As a result, the status of locals has always been ambivalent. The new capital, chosen for geopolitical reasons by the Russian liberation forces after the Russo-Turkish War in 1877-78,[2] was invaded by national elites from more prestigious parts of the country (where the national revolution had taken place and where its heroes were born). As a result, the autochthonous Bulgarian Shopi population quickly became synonymous with rudeness and backwardness. This situation was repeated in the late 1940s and 1950s, when communist ideology marginalized bourgeois (urban) elites and systematically promoted people with poor, peasant origins who were supposedly faithful to the cause. Sofia was invaded by ideological nomads – some coming, armed, straight from the woods – who evicted the rich from their flats or squeezed them into one room, accommodating themselves and their kin in the rest. For many years, it was preferable not to emphasize one's Sofia origins, and the "two grandfathers tactic", according to which a Bulgarian always has a grandfather on the good side of the vicissitudes of politics, became widespread.

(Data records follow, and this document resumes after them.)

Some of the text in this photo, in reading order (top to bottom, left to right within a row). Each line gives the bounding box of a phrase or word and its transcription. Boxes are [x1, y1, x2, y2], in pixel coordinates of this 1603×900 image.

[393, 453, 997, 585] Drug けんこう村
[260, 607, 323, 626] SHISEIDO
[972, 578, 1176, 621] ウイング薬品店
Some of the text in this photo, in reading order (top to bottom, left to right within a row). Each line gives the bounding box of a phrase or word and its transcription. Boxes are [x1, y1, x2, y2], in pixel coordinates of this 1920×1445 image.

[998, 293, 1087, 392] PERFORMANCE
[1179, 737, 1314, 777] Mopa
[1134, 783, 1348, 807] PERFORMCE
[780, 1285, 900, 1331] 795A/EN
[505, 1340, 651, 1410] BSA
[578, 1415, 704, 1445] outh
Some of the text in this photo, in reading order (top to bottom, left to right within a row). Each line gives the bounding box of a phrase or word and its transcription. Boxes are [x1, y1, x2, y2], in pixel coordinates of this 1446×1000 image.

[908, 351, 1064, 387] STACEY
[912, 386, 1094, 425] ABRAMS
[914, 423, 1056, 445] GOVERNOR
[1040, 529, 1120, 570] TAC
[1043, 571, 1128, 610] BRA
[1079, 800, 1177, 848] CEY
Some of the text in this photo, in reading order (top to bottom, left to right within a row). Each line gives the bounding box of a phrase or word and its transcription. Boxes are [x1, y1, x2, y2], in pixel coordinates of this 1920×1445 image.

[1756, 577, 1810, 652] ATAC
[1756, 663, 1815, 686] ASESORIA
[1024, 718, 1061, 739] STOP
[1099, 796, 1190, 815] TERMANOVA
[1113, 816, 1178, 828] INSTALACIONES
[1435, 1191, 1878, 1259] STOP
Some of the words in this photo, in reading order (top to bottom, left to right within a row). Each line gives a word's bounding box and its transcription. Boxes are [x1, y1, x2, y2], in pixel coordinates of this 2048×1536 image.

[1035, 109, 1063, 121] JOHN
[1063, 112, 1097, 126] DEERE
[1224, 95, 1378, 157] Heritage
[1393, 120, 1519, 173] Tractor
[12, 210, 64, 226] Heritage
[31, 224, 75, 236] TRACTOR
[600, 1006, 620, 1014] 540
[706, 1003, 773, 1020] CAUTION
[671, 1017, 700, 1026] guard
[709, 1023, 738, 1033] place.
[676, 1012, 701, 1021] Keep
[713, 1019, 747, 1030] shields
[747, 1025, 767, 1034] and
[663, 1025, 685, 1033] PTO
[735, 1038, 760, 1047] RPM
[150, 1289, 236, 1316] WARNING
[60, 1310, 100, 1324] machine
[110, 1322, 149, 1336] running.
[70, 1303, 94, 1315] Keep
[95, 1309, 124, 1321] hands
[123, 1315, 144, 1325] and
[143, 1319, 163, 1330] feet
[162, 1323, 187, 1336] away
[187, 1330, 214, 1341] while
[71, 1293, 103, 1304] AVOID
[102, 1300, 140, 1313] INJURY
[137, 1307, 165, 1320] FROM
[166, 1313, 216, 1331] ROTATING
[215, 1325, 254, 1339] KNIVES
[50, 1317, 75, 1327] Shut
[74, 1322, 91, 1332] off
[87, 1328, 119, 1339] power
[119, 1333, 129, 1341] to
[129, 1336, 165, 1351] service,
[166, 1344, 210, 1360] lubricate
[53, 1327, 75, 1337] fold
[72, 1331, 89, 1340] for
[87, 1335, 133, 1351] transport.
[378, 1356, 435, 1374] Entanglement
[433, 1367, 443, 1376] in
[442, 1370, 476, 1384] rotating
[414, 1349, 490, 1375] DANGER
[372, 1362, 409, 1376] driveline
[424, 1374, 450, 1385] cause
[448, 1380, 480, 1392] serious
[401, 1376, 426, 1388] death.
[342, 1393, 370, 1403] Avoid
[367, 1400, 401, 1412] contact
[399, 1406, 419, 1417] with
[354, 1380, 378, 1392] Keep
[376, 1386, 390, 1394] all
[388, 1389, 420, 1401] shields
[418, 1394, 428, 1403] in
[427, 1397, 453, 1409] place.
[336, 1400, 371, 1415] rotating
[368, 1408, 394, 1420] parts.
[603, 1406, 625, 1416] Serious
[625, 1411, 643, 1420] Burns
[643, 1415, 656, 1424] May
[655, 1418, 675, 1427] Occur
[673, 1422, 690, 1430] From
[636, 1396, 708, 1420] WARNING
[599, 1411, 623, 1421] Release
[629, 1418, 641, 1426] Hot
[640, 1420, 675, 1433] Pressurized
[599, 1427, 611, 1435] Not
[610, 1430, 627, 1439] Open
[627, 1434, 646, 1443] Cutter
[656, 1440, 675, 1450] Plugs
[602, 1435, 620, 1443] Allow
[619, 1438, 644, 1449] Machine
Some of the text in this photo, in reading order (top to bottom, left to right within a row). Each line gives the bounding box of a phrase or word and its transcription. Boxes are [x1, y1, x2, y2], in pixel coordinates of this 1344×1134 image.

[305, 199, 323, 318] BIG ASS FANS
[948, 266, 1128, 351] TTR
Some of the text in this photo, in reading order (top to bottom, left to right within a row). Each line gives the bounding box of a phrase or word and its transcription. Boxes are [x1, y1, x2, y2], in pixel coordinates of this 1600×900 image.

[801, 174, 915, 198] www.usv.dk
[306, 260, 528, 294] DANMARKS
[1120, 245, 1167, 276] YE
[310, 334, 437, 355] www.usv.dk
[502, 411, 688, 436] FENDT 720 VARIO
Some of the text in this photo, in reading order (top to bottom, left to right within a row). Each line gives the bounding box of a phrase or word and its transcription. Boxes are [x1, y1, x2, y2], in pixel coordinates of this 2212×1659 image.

Who qualifies as a native of Sofia? Must his or her ancestors have lived in the city before the Russian liberation? Or does it suffice that they settled there during the massive influx of refugees during and after the Balkan Wars (1912-13)? Would one define only pre-communist citizens as real Sofiotes, or would one include the pioneers of ideological urbanization?
There is one answer to this question that satisfies the entire country: a Sofiote is a privileged person. To consider urbanity as a status goes back to the Ottoman era, where cities, towns, and villages enjoyed special rights and paid different taxes. But even the establishment of a post-communist, liberal democratic state did not entirely abolish spatial differentiation, as is evidenced by the explosive growth of Sofia. In the last decade and a half, national institutions linked to well-paid jobs, as well as the lion's share of public investment, have all gone to the capital. To quote the author Konstantin Galabov: "We built a national theatre in Sofia at a time when Plovdiv didn't yet have a proper sewage system."[3]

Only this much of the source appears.